Brent Shanks, an
associate professor of chemical and biological engineering, is leading a research team that’s working to develop chemical catalysts that could boost ethanol production by increasing the yield of fermentable sugars from corn.
The idea is to create the chemical catalysts that create single, simple sugars from molecules made of several simple sugars linked together. The simple sugars are the ones that can be fermented to produce ethanol.
Such a process would allow ethanol producers to use all the sugars in corn. And Shanks said that could boost ethanol production by 10 to 15 percent.
The research is supported by grants of $305,000 from the National Science Foundation, $200,000 from the US Department of Agriculture through the Iowa Biotechnology Byproducts Consortium and $162,000 from the US Department of Energy through the Midwest Consortium for Biobased Products and Bioenergy.
Shanks, who worked for the Shell Chemical Company for 11 years, said the petrochemical industry has been developing catalysts and other technologies for working with fossil fuel molecules for about 80 years. Researchers working with corn and other bio-based molecules are just starting to develop catalysts and technologies to improve production of fuels and chemicals.
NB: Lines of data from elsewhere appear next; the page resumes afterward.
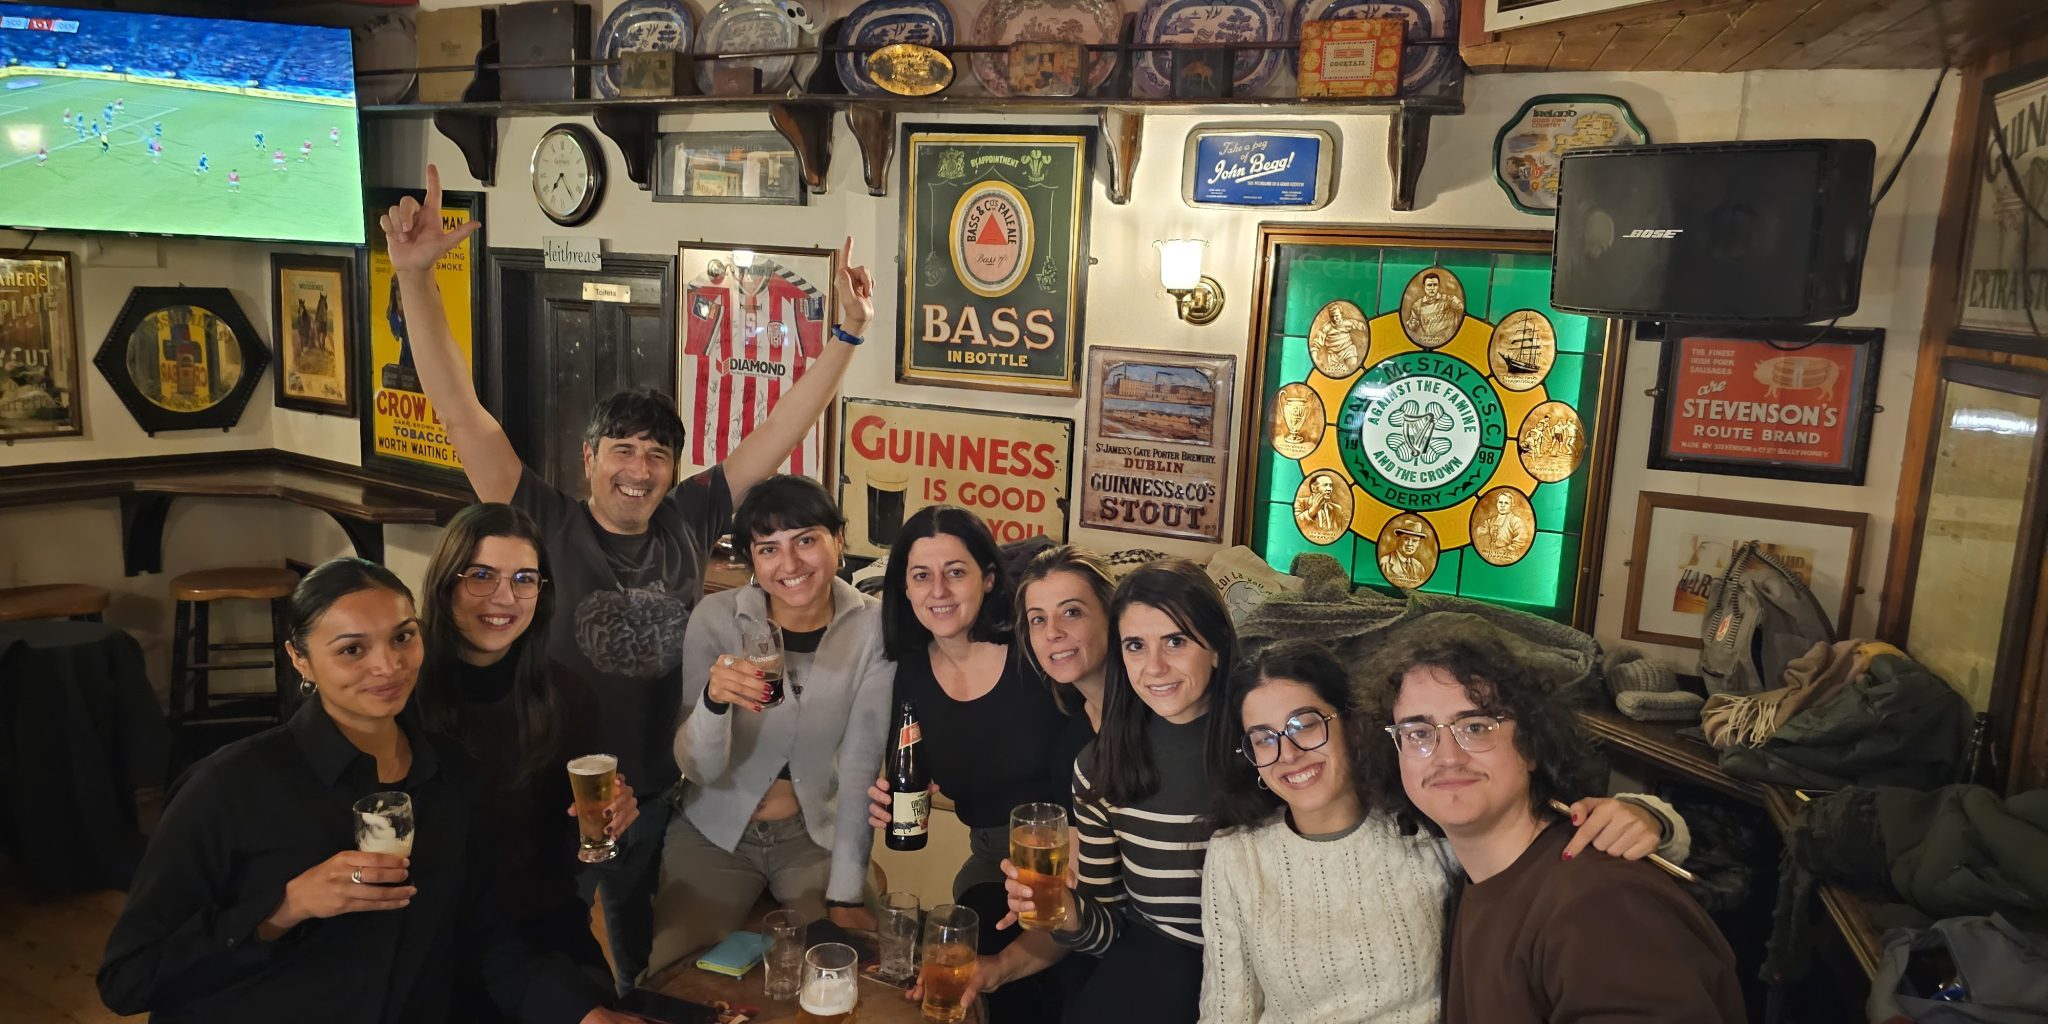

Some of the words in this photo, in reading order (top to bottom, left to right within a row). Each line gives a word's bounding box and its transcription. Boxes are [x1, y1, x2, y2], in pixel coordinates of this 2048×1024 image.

[1219, 140, 1243, 156] Take
[1252, 140, 1268, 152] peg
[979, 155, 1020, 168] APPOINTMENT
[1240, 152, 1249, 164] of
[1207, 159, 1246, 185] John
[1250, 151, 1296, 176] Begg!
[966, 214, 981, 242] BASS
[976, 205, 985, 216] &
[998, 202, 1016, 226] PALE
[1007, 228, 1017, 245] ALE
[1622, 229, 1684, 239] BOSE
[548, 240, 597, 265] leithreas
[436, 263, 463, 271] SMOKE
[596, 289, 617, 297] Toilets
[922, 303, 1056, 350] BASS
[947, 350, 962, 364] IN
[964, 351, 1029, 368] BOTTLE
[1708, 349, 1736, 357] FINEST
[729, 358, 786, 376] DIAMOND
[1689, 366, 1733, 375] SAUSAGES
[1697, 380, 1728, 396] are
[377, 391, 426, 422] CROW
[1367, 383, 1412, 426] AGAINST
[1416, 379, 1442, 395] THE
[1442, 387, 1477, 433] FAMINE
[1682, 398, 1838, 428] STEVENSON'S
[1693, 424, 1753, 440] ROUTE
[1762, 429, 1821, 445] BRAND
[378, 436, 407, 452] WORTH
[411, 442, 448, 460] WAITING
[851, 415, 1056, 480] GUINNESS
[1133, 446, 1151, 457] GATE
[1152, 449, 1180, 460] PORTER
[1681, 441, 1700, 449] MADE
[1124, 457, 1185, 474] DUBLIN
[1373, 450, 1396, 474] AND
[1394, 466, 1417, 483] THE
[1419, 456, 1464, 483] CROWN
[1478, 450, 1495, 465] 98
[923, 477, 947, 502] IS
[958, 481, 1046, 513] GOOD
[1384, 487, 1442, 507] DERRY
[1100, 496, 1206, 530] STOUT
[986, 518, 1044, 543] YOU
Shanks’ ethanol project is focused on synthesizing and testing catalysts made from a hybrid of organic and inorganic materials. The researchers are working at the nanostructure scale, meaning they’re working at the molecular level.
Current ethanol production technology uses enzymes to convert the starch in corn kernels into simple sugars. The simple sugars are fermented into ethanol. Shanks said that process uses about 80 percent of a corn kernel.
The remaining 20 percent of a kernel contains sugar chains that can’t be fermented. Shanks and his research team are working to develop a chemical catalyst that will break those sugar chains into the simple sugars that can be fermented into ethanol.
Pulling out those sugars would also boost the protein level of the distillers dried grains left behind by ethanol production. That would make the by-product more valuable as an animal feed.
Initial tests in the lab have produced promising results, Shanks said.
But he said there’s still some research and development work to do before the technology is precise enough to be used in an ethanol plant.